Marek is a promising athlete sharing affairs with more than one women. One day at masquerade ball his loafing eyes witnessed the most beautiful pair of eyes disguised in black veil of Turkish dress and instantly get him ensnared by her enigma. He follows her, she knows it. She meets him and introduced her as Jowita and told him to wait for her outside the gate. The wait ended in frustration for him and he gets himself obsessed in search of her. Finally at another ball, he meets her again but she said she is Agnieszka and not Jowita, who is her best friend. They became friends and lovers but still those eyes of Jowita remain a mystery. Who is Jowita? An unattainable object of desire or unsolved enigma of subconscious? 

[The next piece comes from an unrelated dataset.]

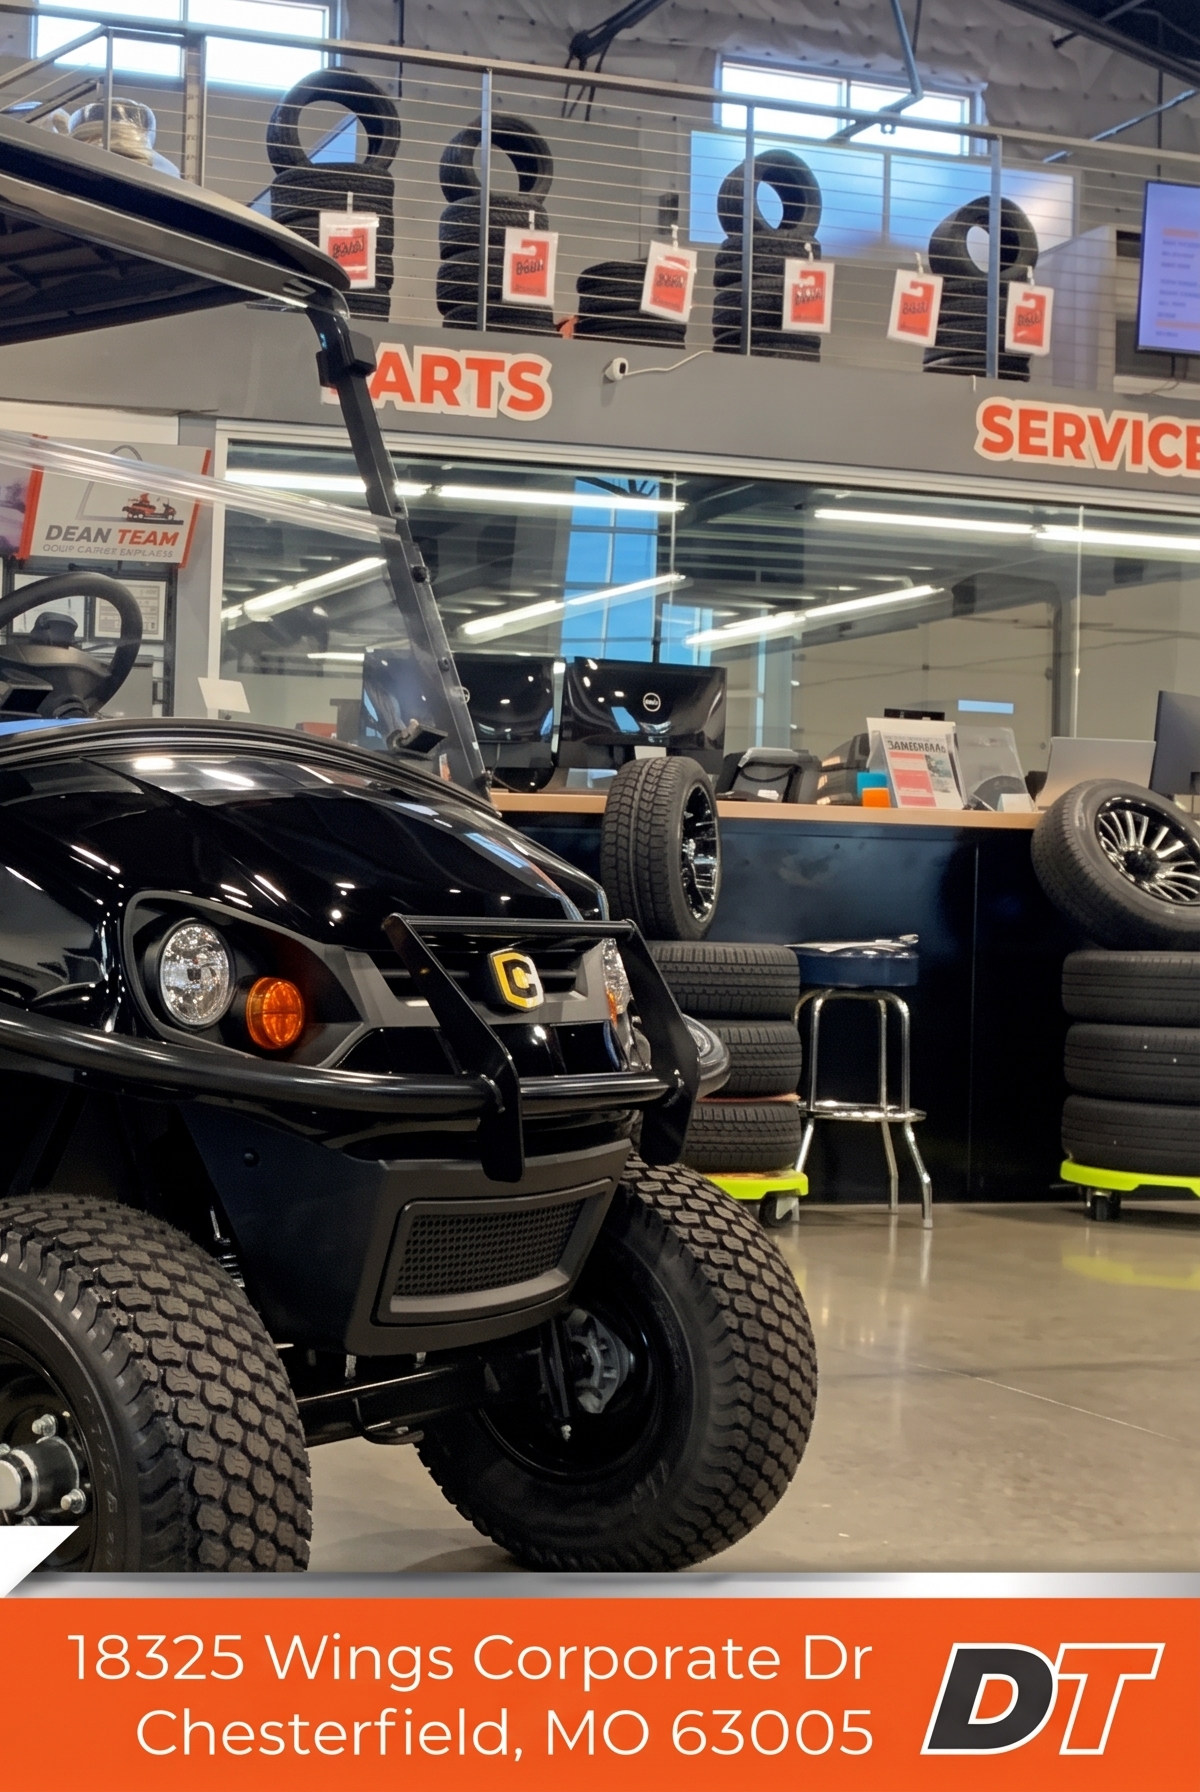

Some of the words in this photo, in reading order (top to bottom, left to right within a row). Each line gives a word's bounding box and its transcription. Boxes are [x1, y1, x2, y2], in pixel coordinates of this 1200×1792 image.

[331, 350, 546, 413] ARTS
[45, 524, 112, 544] DEAN
[118, 529, 179, 547] TEAM
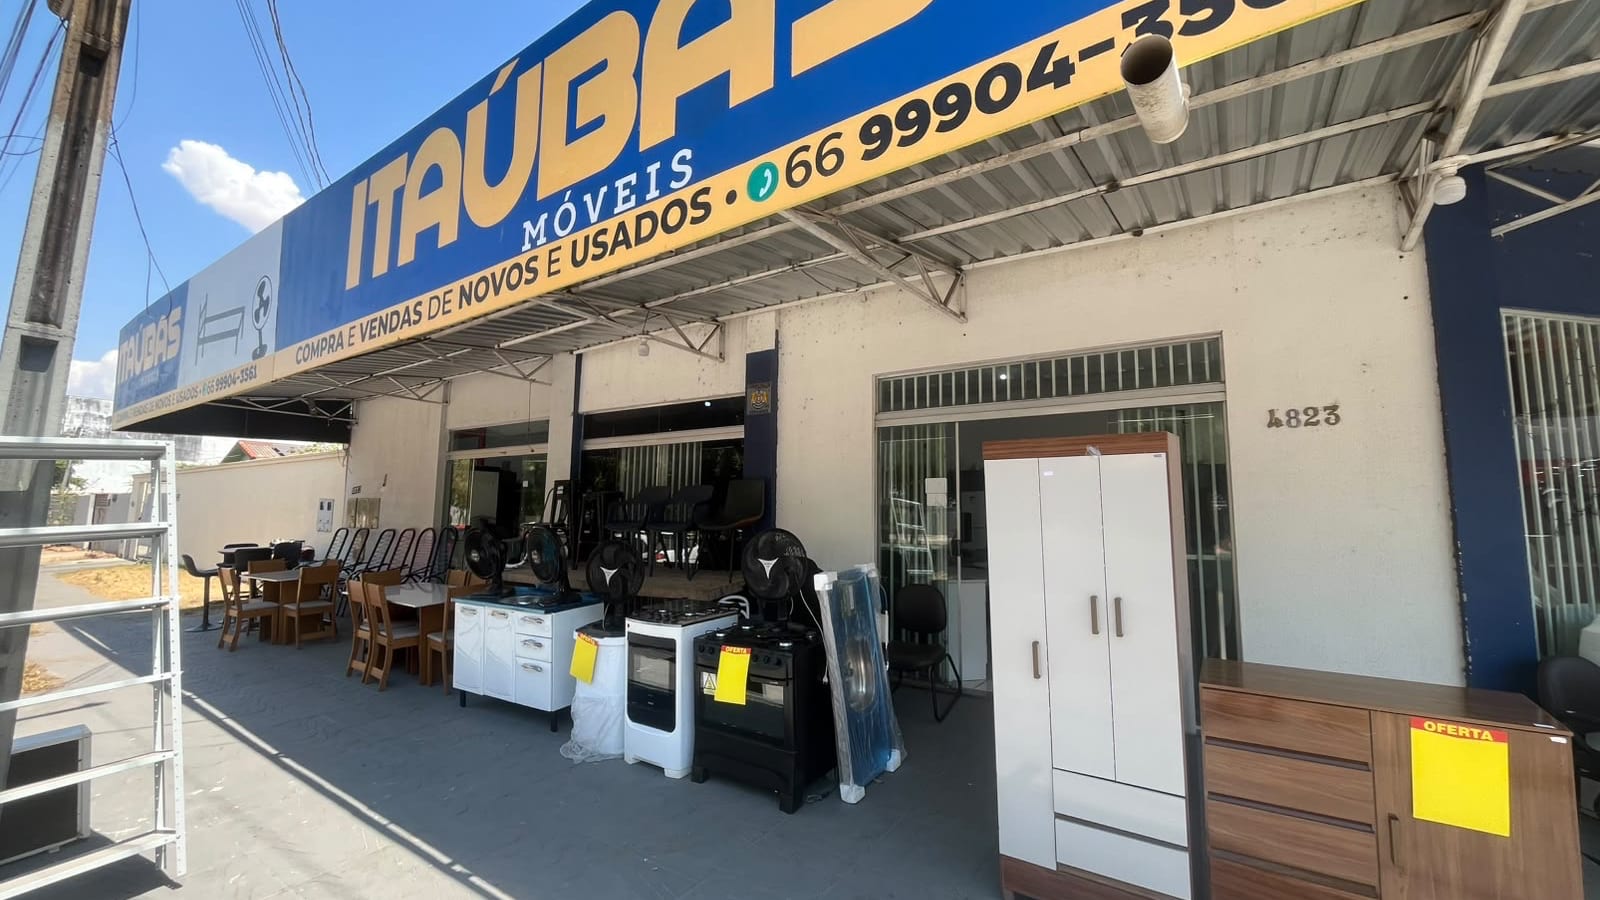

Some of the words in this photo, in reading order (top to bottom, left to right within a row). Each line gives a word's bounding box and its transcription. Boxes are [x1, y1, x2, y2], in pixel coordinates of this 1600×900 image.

Perhaps the film sums up Marek’s character and his internalizations through that advisable line he told to his coach’s wife with whom he shared another of his affair: ‘Life is a bloody Olympic games. People compete in various events and they strive to win even against themselves. One has only to decide which rules to follow. And just follow them.’ What he told her befits more to him, especially the last line. And his young co-athlete exactly knows him more than him as she towards the end shared that Peter Pan metaphor to him.

Jowita is something that I wish to watch again and its surely one of unsung gem of Polish cinema.